Golden Age
Jerry Siegel and Joe Shuster,
Those two Jewish teens from Cleveland,
Who, in 1932, gestated and hatched Superman,
Have, by now, been honorably installed
In the comic-book icon-heroes' hall of fame
(Albeit meagerly recompensed, in their lifetimes),
For their stunning, if unlikely, contribution to history:
Kal-El, survivor of the doomed planet Krypton,
Who would be adopted by Jonathan and Martha Kent
(Farmers living, innocuously, in Smallville, Kansas)

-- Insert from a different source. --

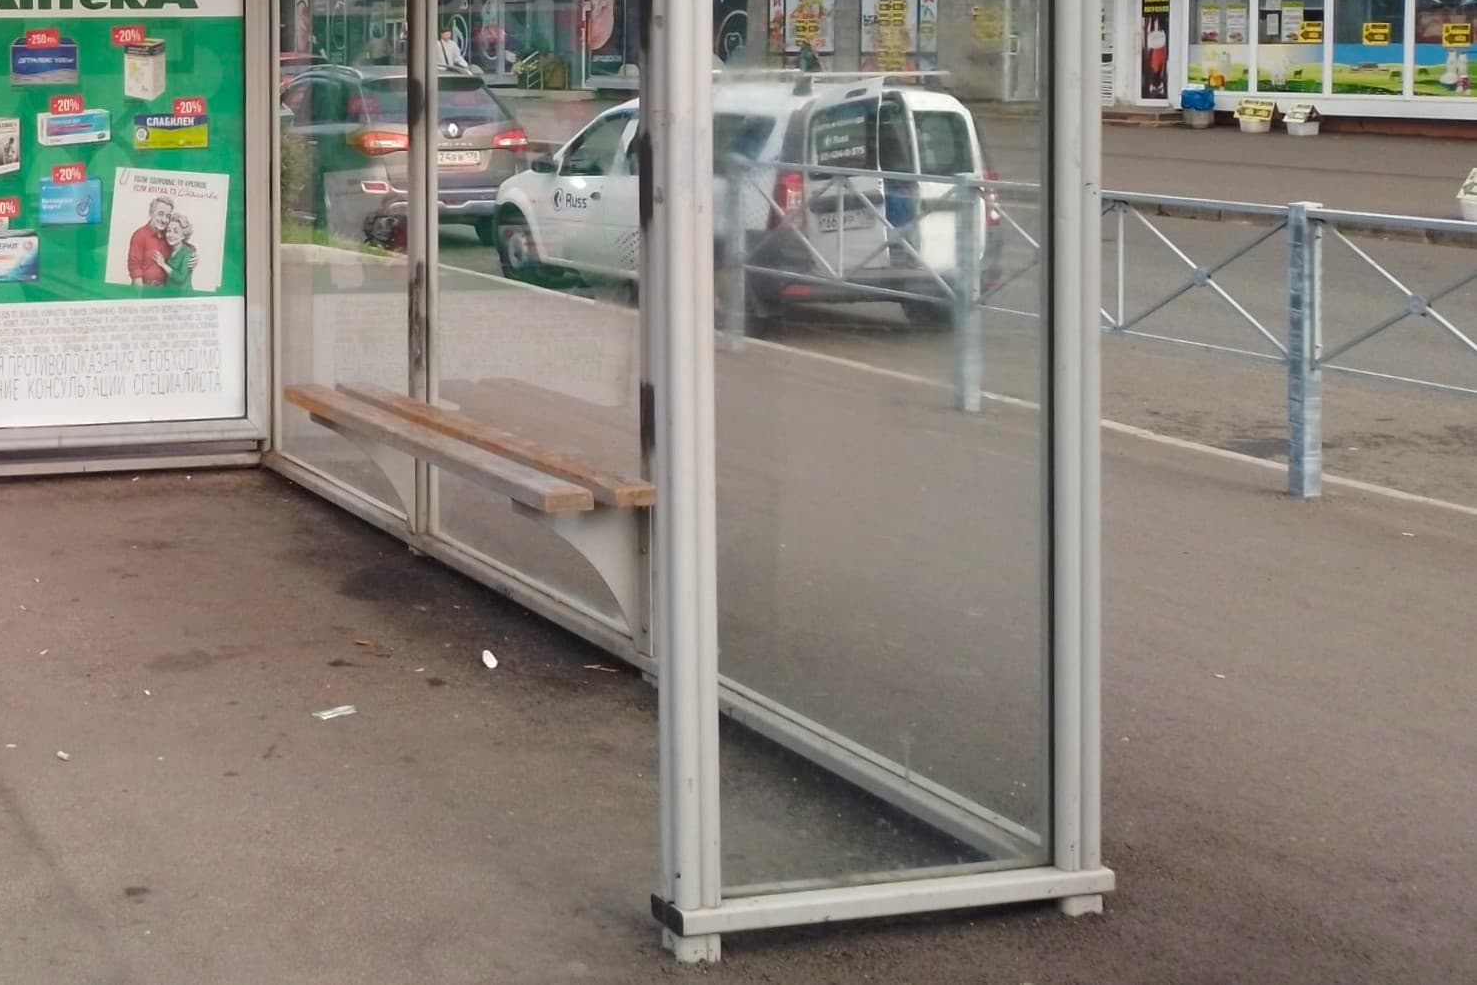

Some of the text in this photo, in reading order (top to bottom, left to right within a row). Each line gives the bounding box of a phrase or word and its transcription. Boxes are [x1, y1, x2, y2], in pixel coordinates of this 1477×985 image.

And eventually leave rural America, for the urban hustle
Of World War II Metropolis,
To work for editor Perry White's Daily Planet —
Mild-mannered reporter Clark Kent
Doubling as mankind's moral compass, shield against evil.
OK! OK! Spare me the histrionics, the tired hyperbole.
I've heard the bullshit, the overblown accolades,
From acned high-school kids bored with video games, life,
Captivated by the captioned panels of graphic novels
Depicting the awesome feats of the Man of Steel,
Who's endowed with x-ray vision and the ability to fly.
Cut the crap! I can't take any more of this escapism,
Especially in the face of Vladimir Putin, Osama bin Laden,
And perniciously murderous, if clueless, George W. Bush,
Who put Ultra-Humanite, Prankster, Brainiac, Bizarro to shame,
For their nonfictional crimes against humanity,
Far beyond the squared off edges of pulp-paper pop culture.
I'm not too damn impressed, moved, inspired
When my thirty-one-year-old son suggests I invest in DC Comics
Or when he tells me the Golden Age is alive and well.
Hell, I'm living in a world of suicide-bombing psychovillains
And loose-cannon Lex Luthor presidents.
Today's Earth, to Superman, is weapons-grade kryptonite.